* _DATA TO PROCESS_
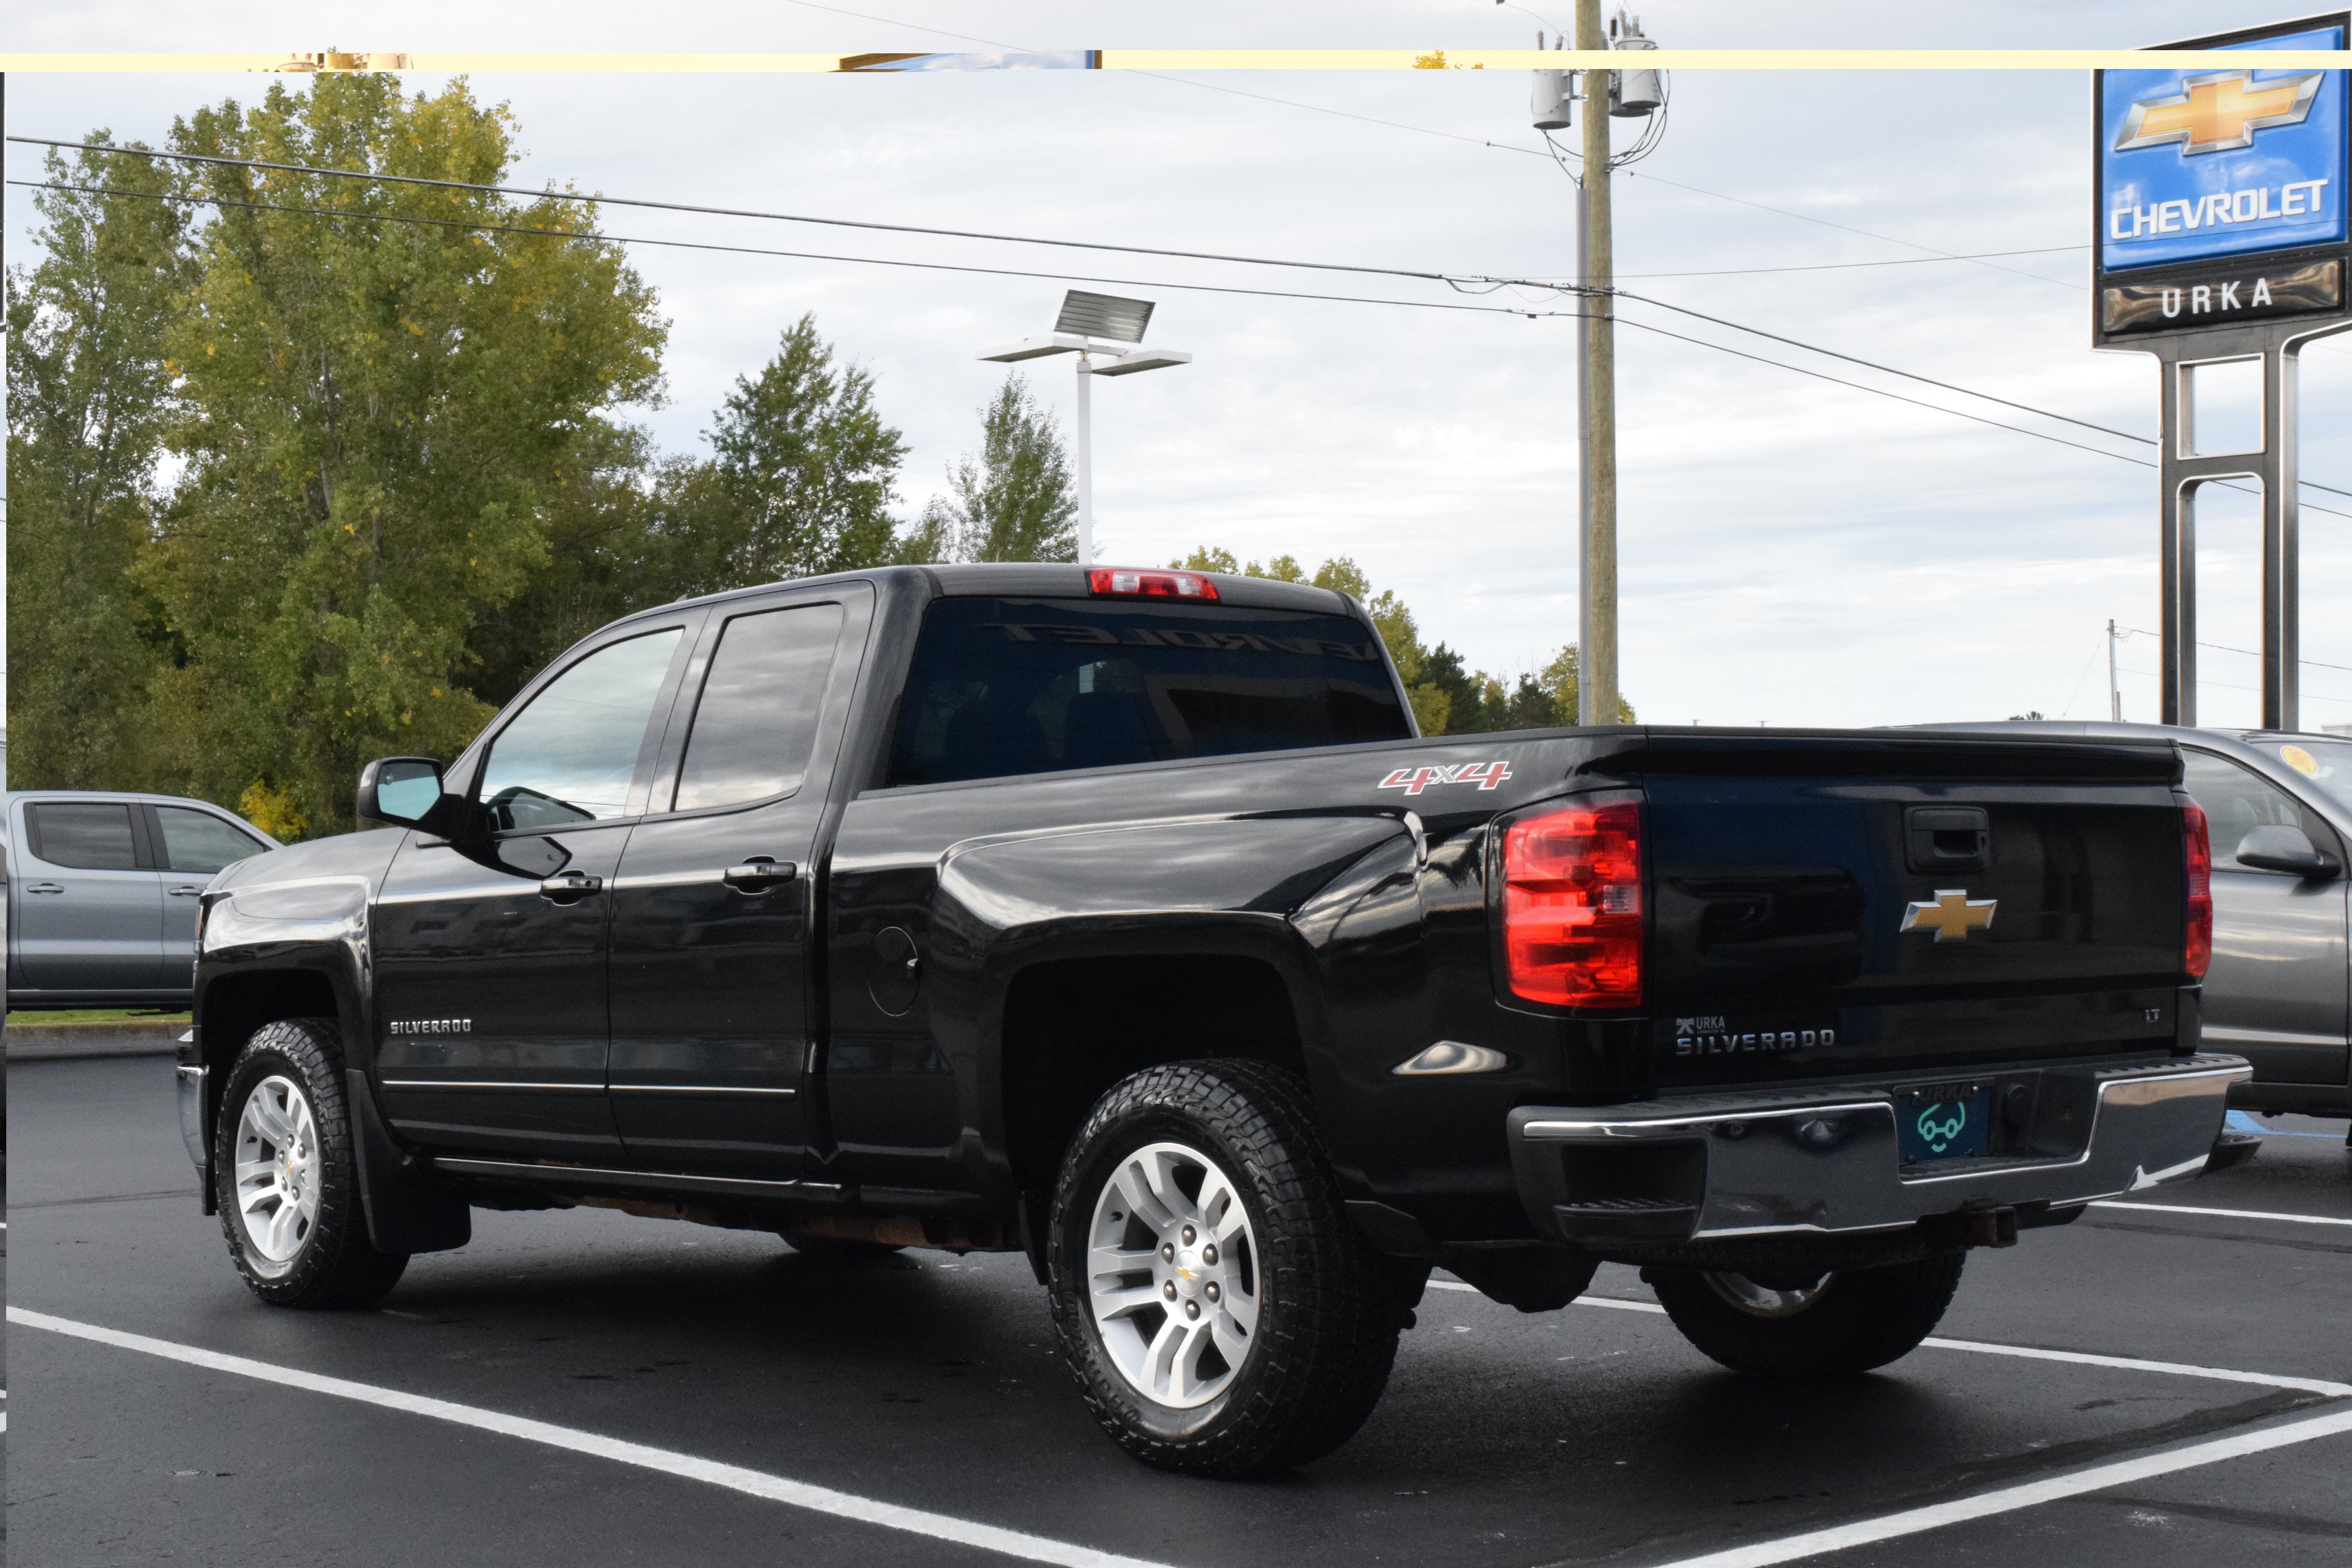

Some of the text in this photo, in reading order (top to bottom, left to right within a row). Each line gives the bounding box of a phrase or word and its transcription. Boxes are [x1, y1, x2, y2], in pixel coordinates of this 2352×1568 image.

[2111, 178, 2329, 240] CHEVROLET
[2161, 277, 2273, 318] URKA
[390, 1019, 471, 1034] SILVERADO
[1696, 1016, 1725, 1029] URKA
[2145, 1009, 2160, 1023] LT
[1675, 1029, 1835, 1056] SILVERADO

* _GOAL OF THE EXERCISE_
Could you output every entry exactly as written, skipping the pictures?

* _FINAL ANSWER_
Some of the text in this photo, in reading order (top to bottom, left to right within a row). Each line gives the bounding box of a phrase or word and its transcription. Boxes are [x1, y1, x2, y2], in pixel coordinates of this 2352×1568 image.

[2111, 178, 2329, 240] CHEVROLET
[2161, 277, 2273, 318] URKA
[390, 1019, 471, 1034] SILVERADO
[1696, 1016, 1725, 1029] URKA
[2145, 1009, 2160, 1023] LT
[1675, 1029, 1835, 1056] SILVERADO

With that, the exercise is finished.